Another, related, explanation is that we focus on the negative aspects of our lives because they are mostly rare. On average, our daily lives are mostly positive; most of our interactions with others are pleasant and we have a basic level of creature comforts at home (even if you are struggling to pay your bills). If we naturally tend to focus on things which are rare, or novel, then the negative things we experience, think, or feel, will demand much of our attention. Meanwhile, those daily pleasantries we have with our friends, significant others, and coworkers help maintain our general level of positive emotions (most people rate themselves above “neutral” when asked how happy they are), but they don't demand our attention like the negative moments do.

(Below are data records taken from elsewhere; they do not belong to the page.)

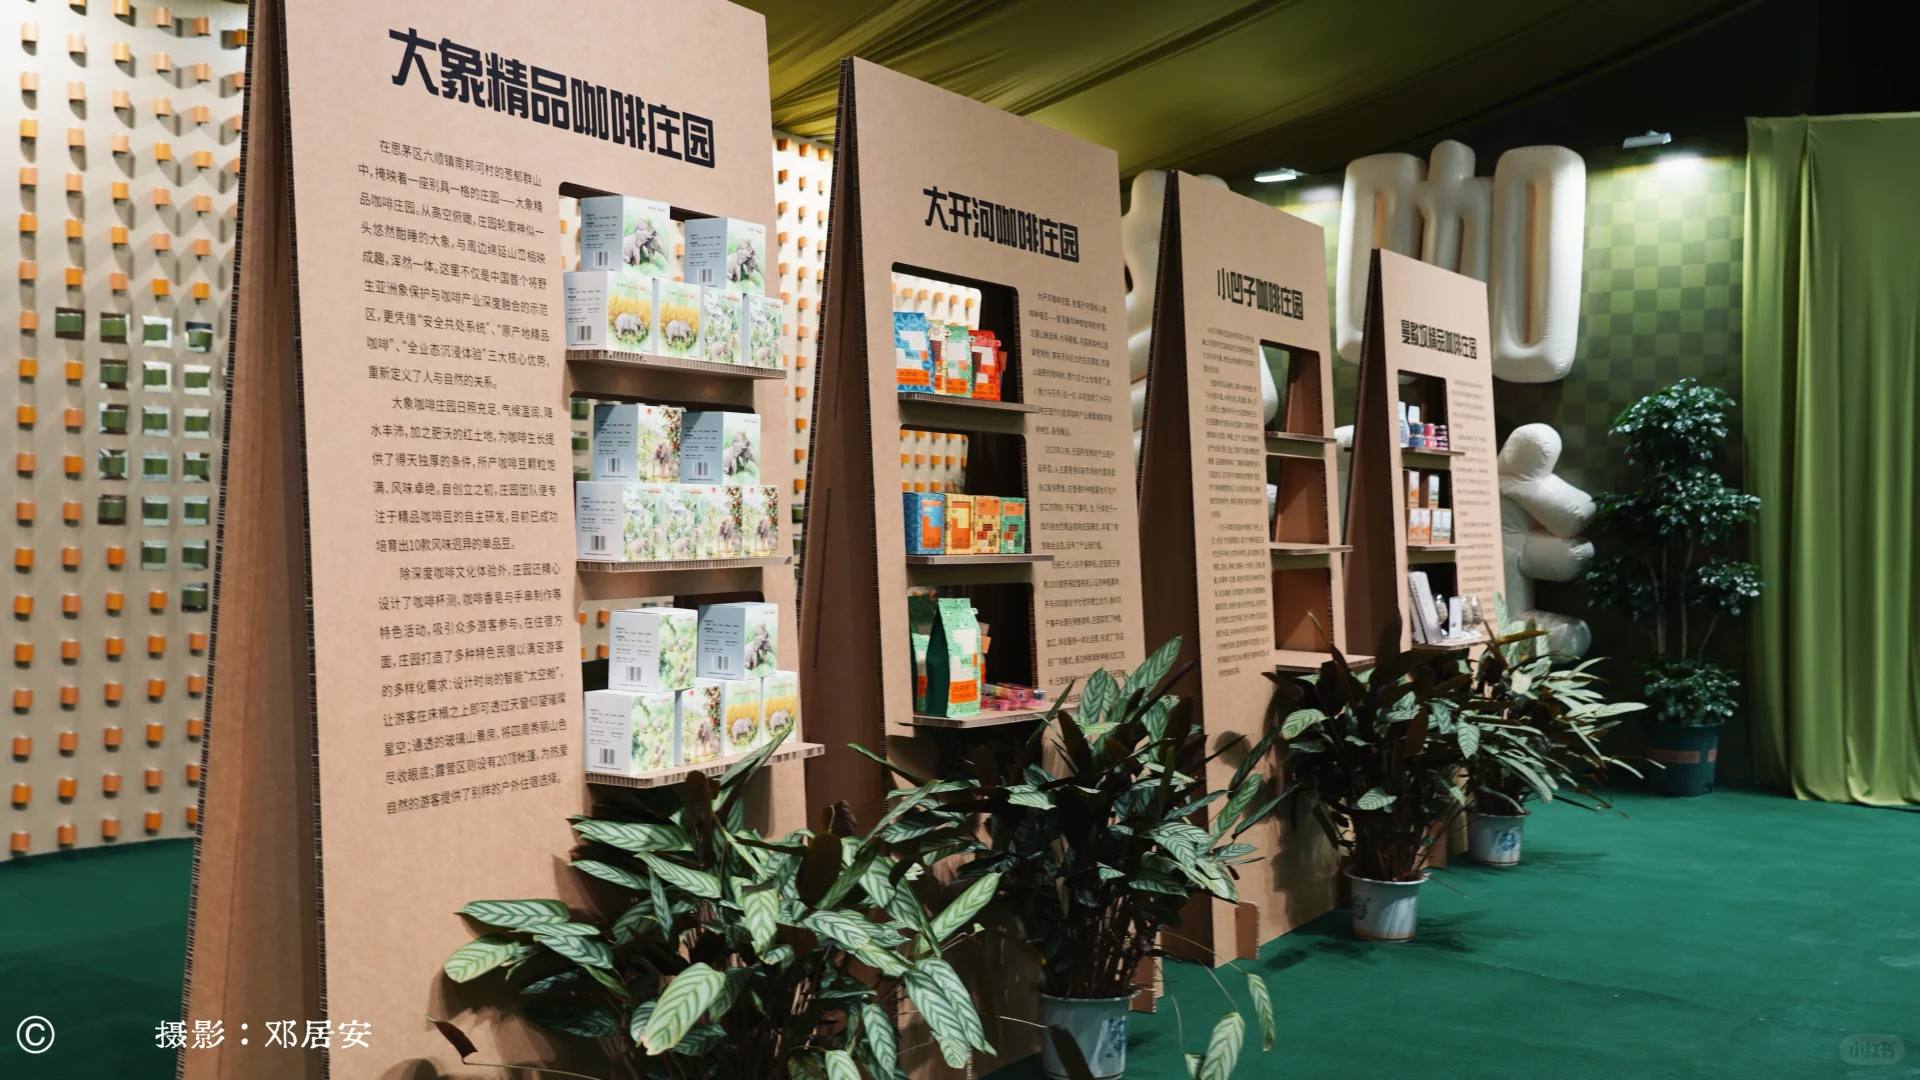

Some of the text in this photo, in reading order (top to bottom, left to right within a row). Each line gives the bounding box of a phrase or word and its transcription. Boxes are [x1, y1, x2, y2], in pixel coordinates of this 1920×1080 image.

[388, 27, 716, 169] 大象精品咖啡庄园
[923, 186, 1080, 264] 大开河咖啡庄园
[364, 278, 548, 316] 生亚洲象保护与咖啡产业深度融合的示范
[1217, 268, 1304, 320] 小凹子咖啡庄园
[368, 365, 498, 389] 重新定义了人与自然的关系。
[374, 510, 558, 524] 注于精品咖啡豆的自主研发，目前已成功

In a recent article in the Oregonian, the author asked Danish citizens why their country had the happiest people in the world. Some pointed to contentment, while others pointed to the government's focus on doing what is right for the middle class. There is definitely something to be said for appreciation and gratitude for one's life, and contentment in that life. One major lesson of Buddhism is that life is impermanent; sorrows and joys and frustrations and victories are all temporary and we must be able to roll with them. Being attached too much to any one thing or moment in life will only bring disappointment. Perhaps the Danish are better able to accept the transitory nature of life. Or perhaps it is something cultural; I cannot help but to think in some large way, the media's portrayal of the next big thing we HAVE to have or do, purposefully works to make us feel inadequate in their drive to get us to purchase, purchase, purchase.

Are we in the United States fed discontentment? Perhaps the media is where our seeking of novelty comes from, and not our ancestors?

Taking the idea of government into question: Would we be less bored or frustrated with our jobs and feel more pleasure in our daily lives if the government paid for things like our healthcare and our education? It may be that we would worry less about our financial situations and be able to enjoy more of life's little pleasures. Or, the system would be set up in such a way that would make us feel more supported in our lives, able to do the basic things we need for a good life, without struggle.

In any case, whatever the source this discontentment, researchers have also found that taking a few minutes out of every day to recognize those aspects of our lives for which we are grateful, significantly improves our sense of well-being and happiness.

It may also benefit us to try something new once in a while. If you normally come home and turn on the television, try going for a walk instead. Or, if you have the means, enroll in an evening non-credit course and learn something about that thing you've always wanted to try. I certainly found that having rowing in my life, and even starting this blog, have not only given me something to focus on outside of "work," but are positive in my personal development.

In the end, the more we are conscious of the positive in our lives, the less time we have to focus on the negative. It may be easier said than done, but worth a try, don't you think?


seamaiden said...

Nicely written post with many excellent points. I can identify with a lot of this... Interesting note about the Danish. Since I study Buddhism academically, I have to mention that one of the most basic tenets of traditional Theravadan Buddhism is that life is suffering and the whole point is getting out of this chain of life and rebirth. However, newer forms of Mahayana Buddhism have gotten more into the idea of realizing enlightenment in this world, although happiness is not always a factor in that discussion either... I guess my point is just that there are a lot of Buddhisms! :)

Anyway, I'm glad to have come across your blog and I will definitely be visiting you again. I also need to check and see if you're on my GF blogroll.

Have a great day, and I promise not to talk shop any more! lol

(working on PhD in RLST)

mbb said...

Great post and ANOVA - a favorite topic!